**Data extracts**
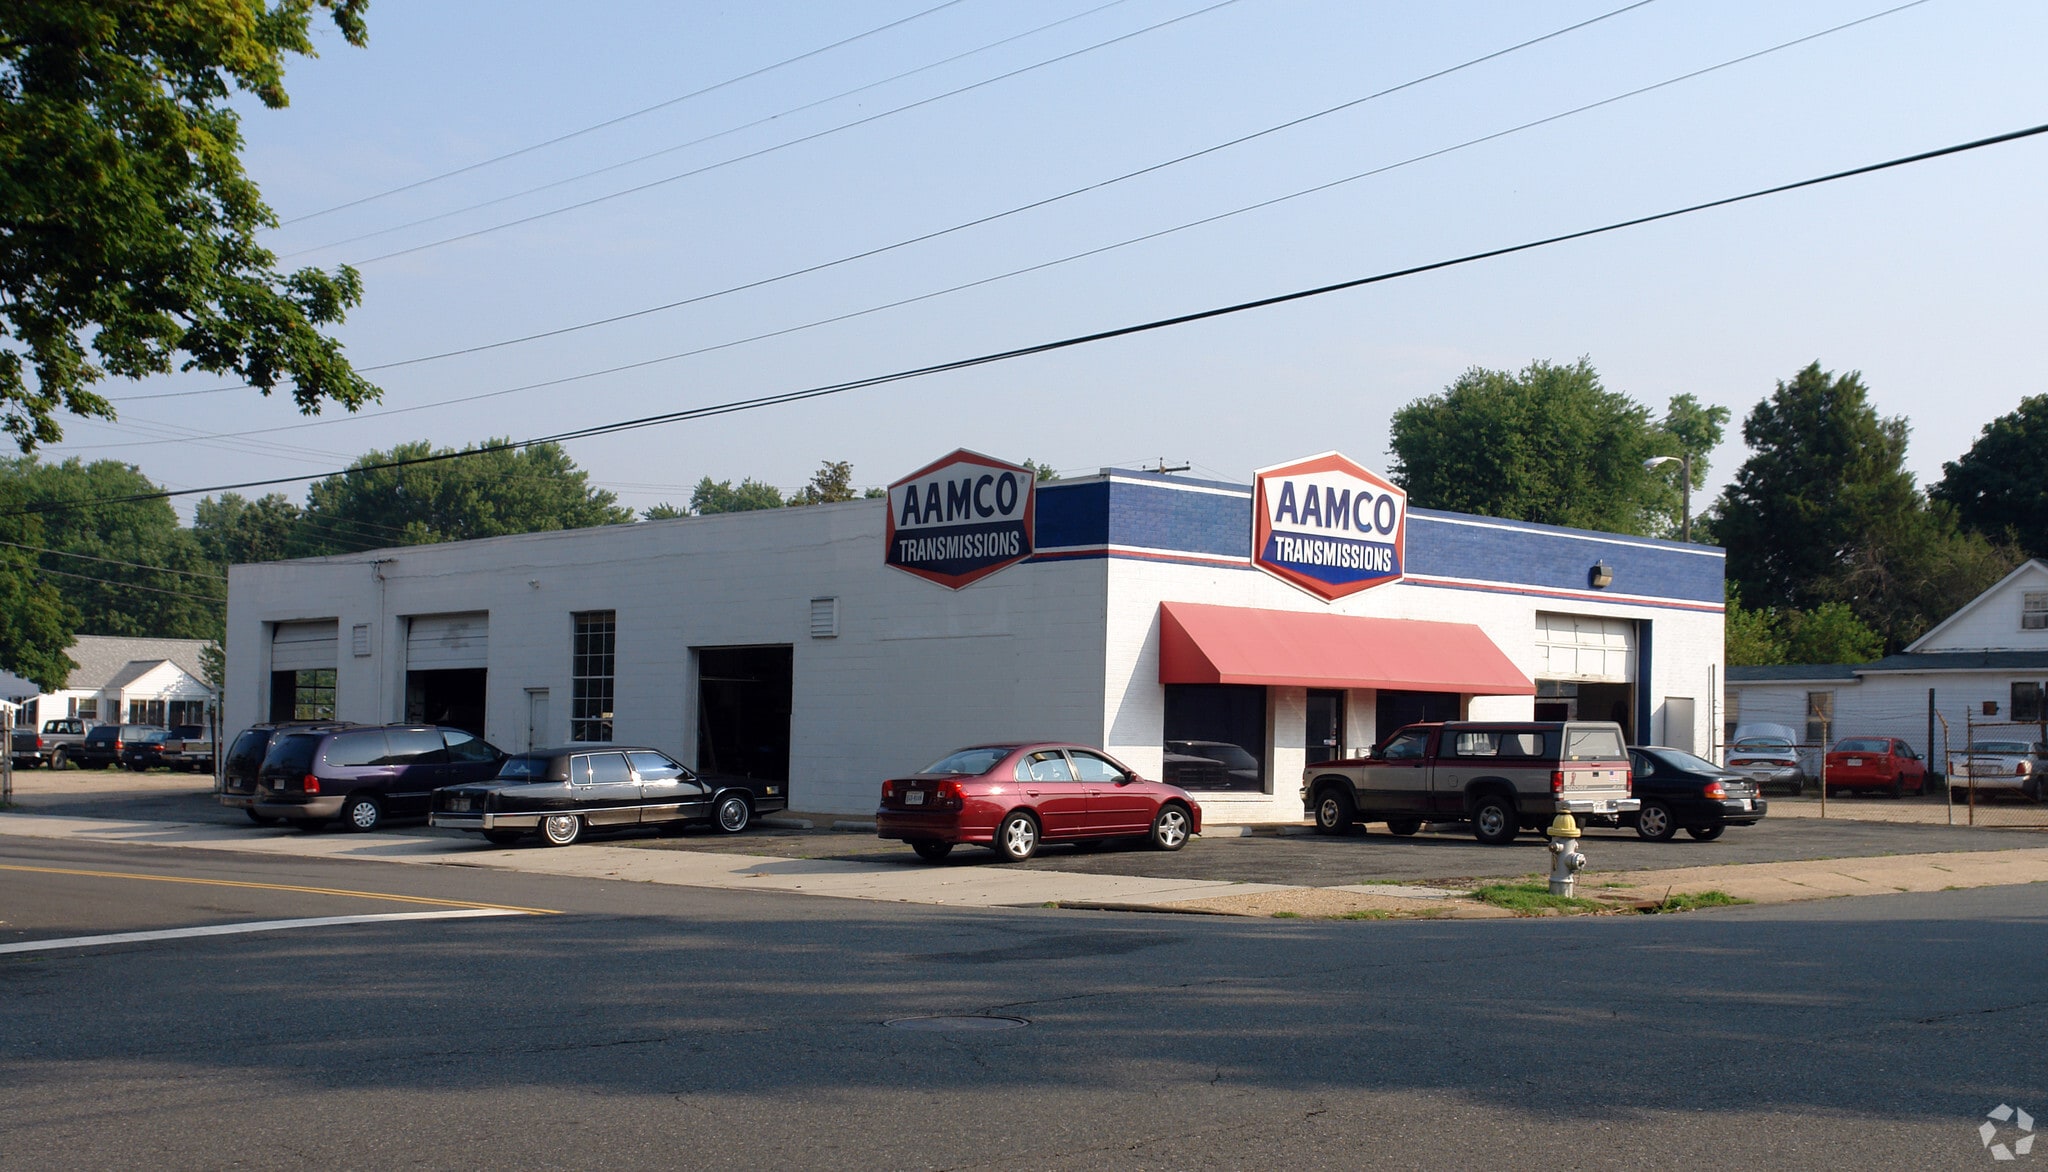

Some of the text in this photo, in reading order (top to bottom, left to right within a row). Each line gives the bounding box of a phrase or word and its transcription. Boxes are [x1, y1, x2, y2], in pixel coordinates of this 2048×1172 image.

[901, 472, 1018, 526] AAMCO
[1275, 481, 1396, 535] AAMCO
[900, 531, 1020, 562] TRANSMISSIONS
[1275, 536, 1392, 572] TRANSMISSIONS

**What this task involves**
Line by line, transcribe the records exactly, omitting the images.

**Exercise response**
Some of the text in this photo, in reading order (top to bottom, left to right within a row). Each line gives the bounding box of a phrase or word and its transcription. Boxes are [x1, y1, x2, y2], in pixel coordinates of this 2048×1172 image.

[901, 472, 1018, 526] AAMCO
[1275, 481, 1396, 535] AAMCO
[900, 531, 1020, 562] TRANSMISSIONS
[1275, 536, 1392, 572] TRANSMISSIONS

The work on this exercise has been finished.